Taking the duck pieces out of the slow-cooker was a delicate operation. As you can see, some came out intact, but the meat on others was already falling off the bones, so they came apart as I tried to lift them out of the pot. It didn't matter, because my plan was to take all the meat off the bones anyway.
The second step was to take the skin off the legs and thighs. That was pretty easy. The pieces really fell apart at this stage, but again that was my plan anyway.

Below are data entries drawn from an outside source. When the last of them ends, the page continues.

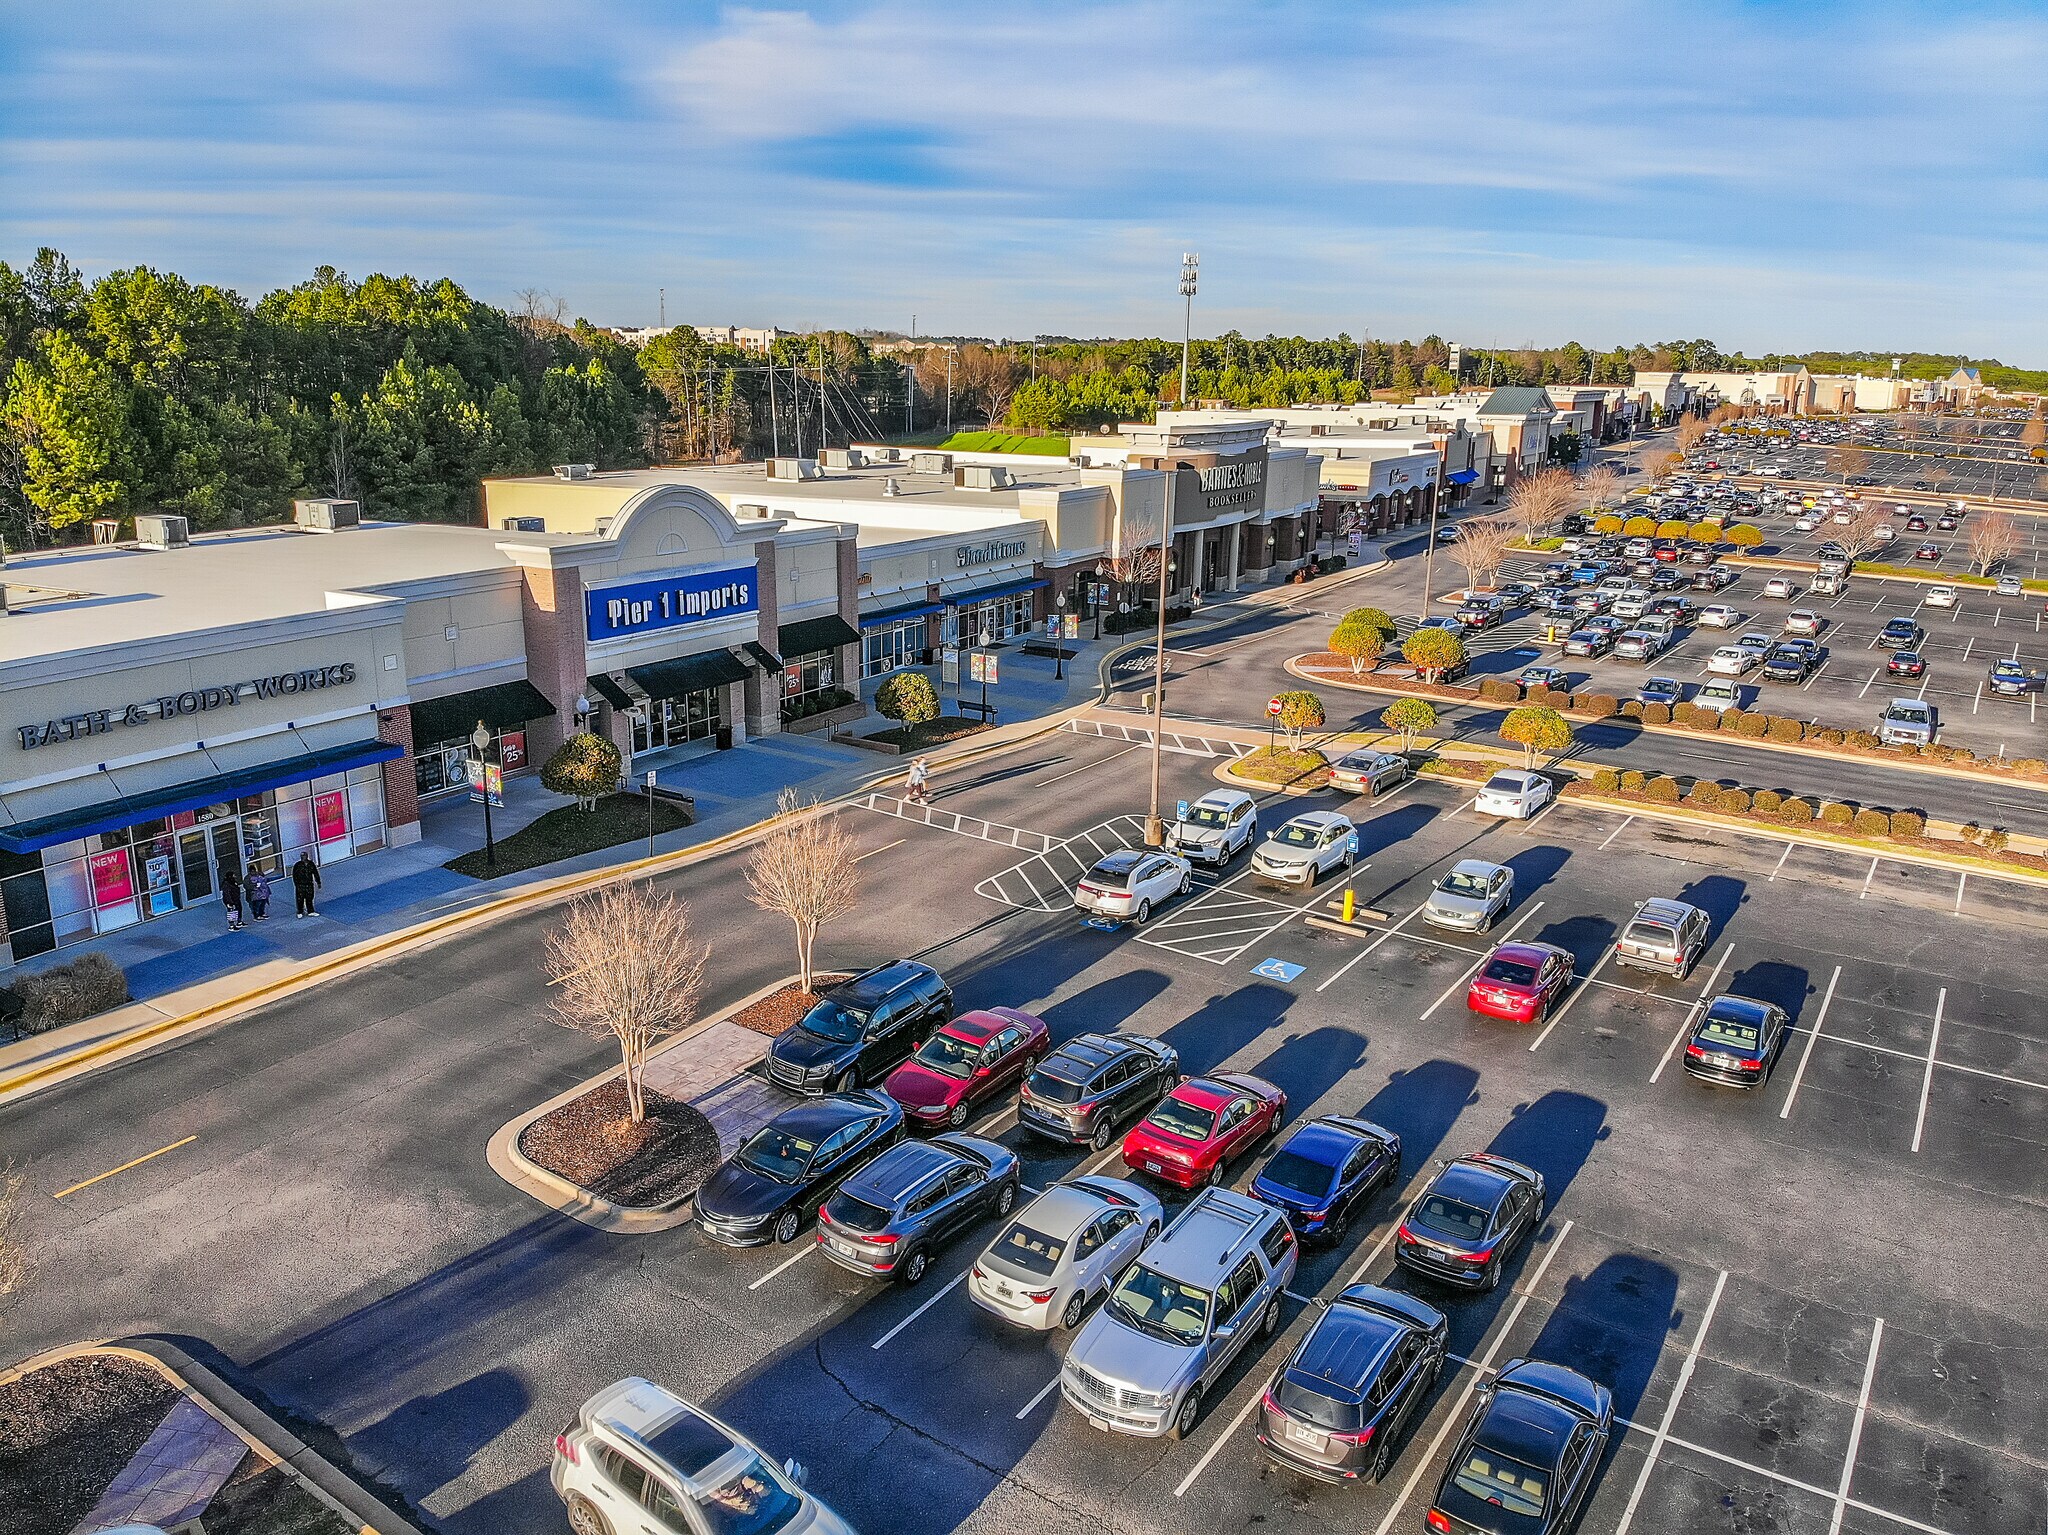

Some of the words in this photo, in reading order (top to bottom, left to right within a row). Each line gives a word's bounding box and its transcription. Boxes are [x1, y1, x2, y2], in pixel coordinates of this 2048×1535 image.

[1200, 465, 1237, 492] BARNES
[1237, 463, 1245, 488] &
[1244, 460, 1262, 486] NOBLE
[1208, 490, 1257, 508] BOOKSELLERS
[956, 540, 1026, 568] Traditions
[607, 598, 653, 628] Pier
[660, 591, 670, 618] 1
[18, 709, 113, 750] BATH
[123, 704, 150, 727] &
[157, 682, 243, 720] BODY
[253, 662, 357, 700] WORKS
[315, 795, 335, 807] NEW
[197, 813, 214, 823] 1580
[92, 853, 118, 870] NEW

I continued pulling the lumps of duck lean muscle off the bones, and separating them from the bones, most of the fat, and some veins and other parts that I didn't really want as part of the pulled duck meat. I put the "scraps" back in the slow-cooker with the duck fat and broth and let it cook for another couple of hours, figuring that cooking would make the broth that much tastier and give me more fat. I still have to re-heat what's in the cooker, which I kept in the refrigerator overnight, and then pour everything through a sieve or strainer to filter the broth and fat.
Et voilà ! Here's the meat, which could now be turned into the French potted meat called rillettes by adding some of the filtered fat, cooking it a little longer while stirring to break the meat down into fine threads. That makes something resembling but not really the same as pâté to be spread on bread or crackers and eaten with, for example, pickles or cornichons. I admit I was slightly disappointed when I weighed the meat you see in the photo above — I got only 600 grams of lean meat from six leg-and-thigh sections that weighed about 1.5 kilograms. I expected more, but I'll console myself with thoughts of the good duck fat and broth that is a fine by-product of the cooking.

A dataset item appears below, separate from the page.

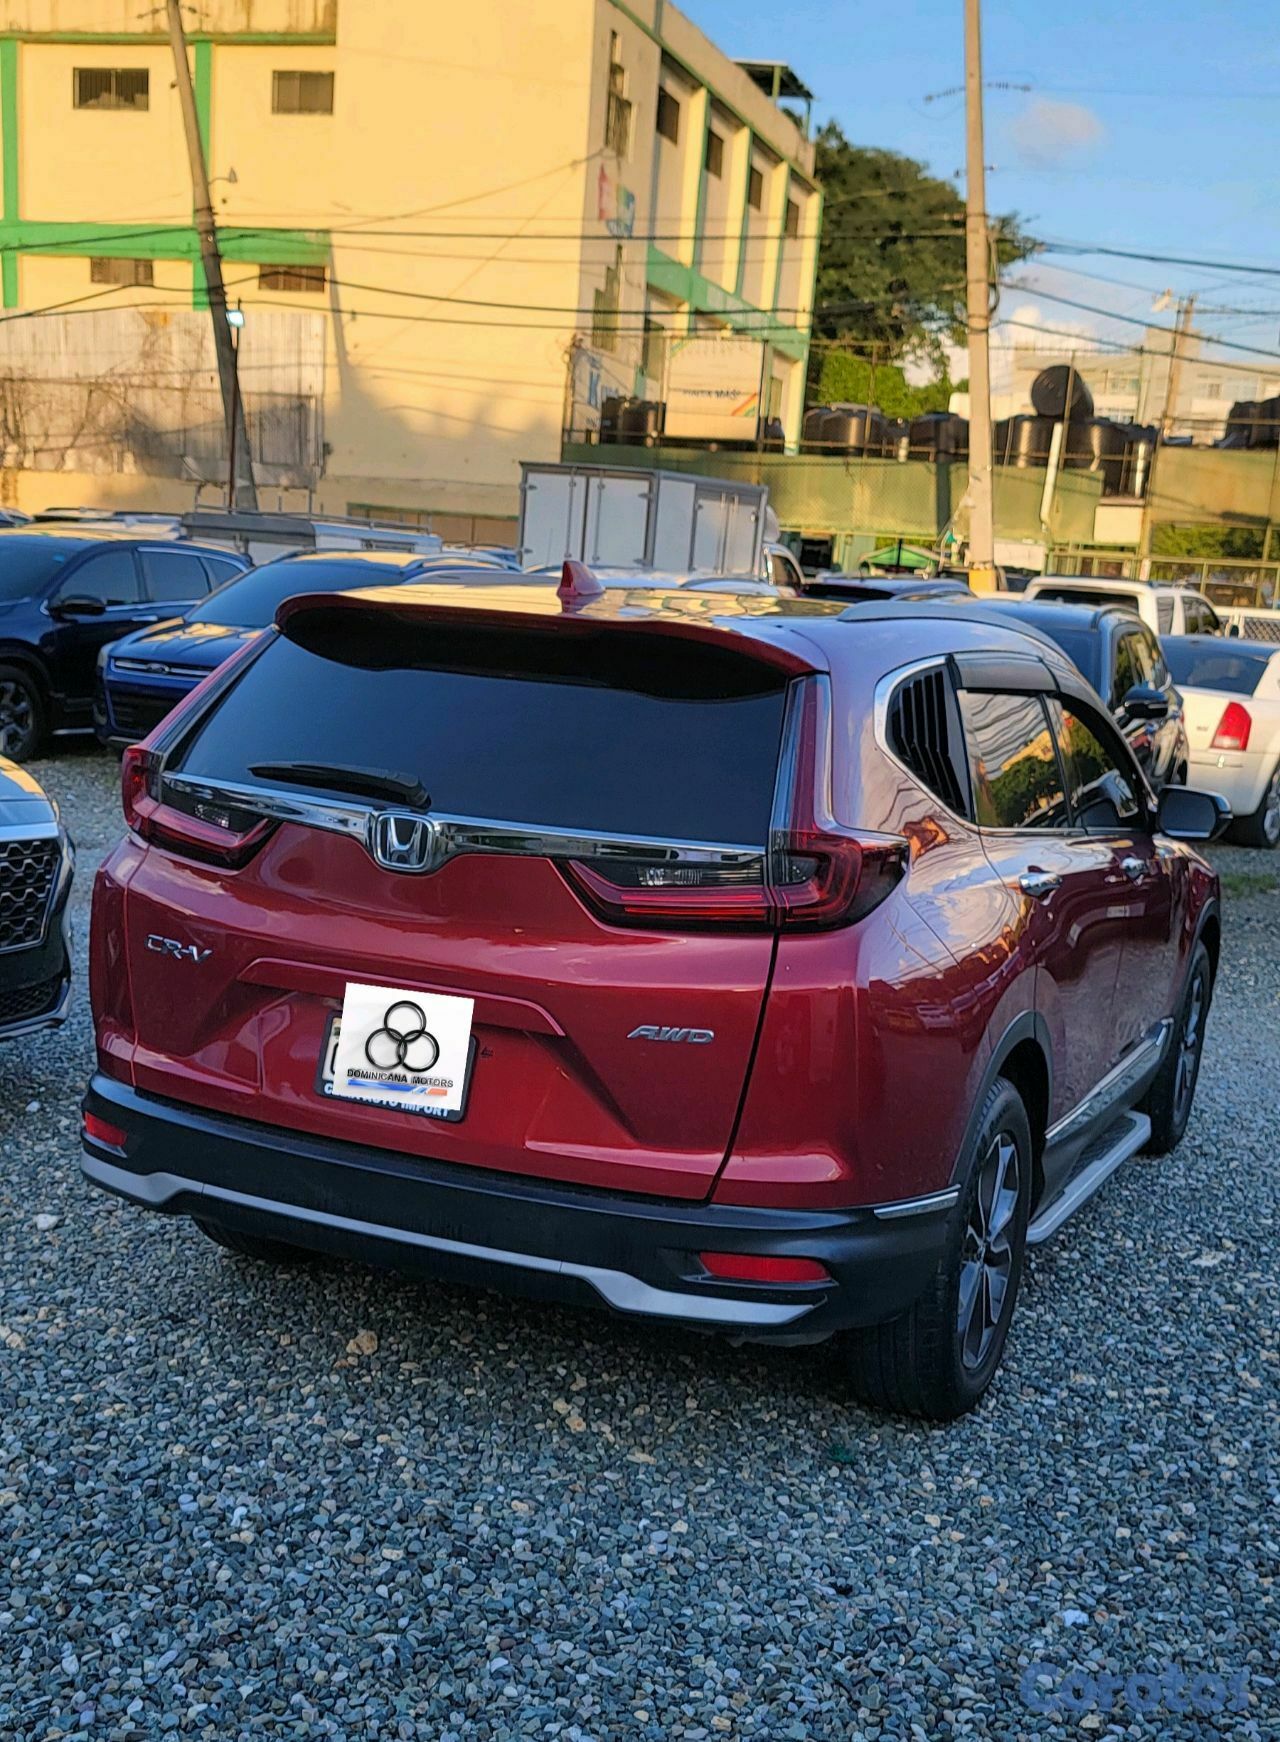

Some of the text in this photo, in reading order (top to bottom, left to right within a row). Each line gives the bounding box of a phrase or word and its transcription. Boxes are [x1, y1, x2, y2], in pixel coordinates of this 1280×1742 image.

[145, 934, 213, 963] CR-V
[626, 1025, 715, 1043] AWD
[401, 1100, 449, 1117] IMPORT

But the fact is, I can buy very good duck rillettes from charcutiers who sell them at outdoor markets or in their shops, or in supermarkets packed in plastic pots and sold at reasonable prices. The fines rillettes in this pot, according to what's printed on the label, contain no preservatives and 79% duck meat. The rest is pork, duck fat, garlic, "natural flavors", salt, and pepper. My plan for the pulled duck I've made is to season it the way pulled-pork barbecue is seasoned in eastern North Carolina, with a splash of vinegar, some herbs and spices, and a good pinch of hot red pepper flakes. Then we'll eat it hot — maybe on hamburger buns.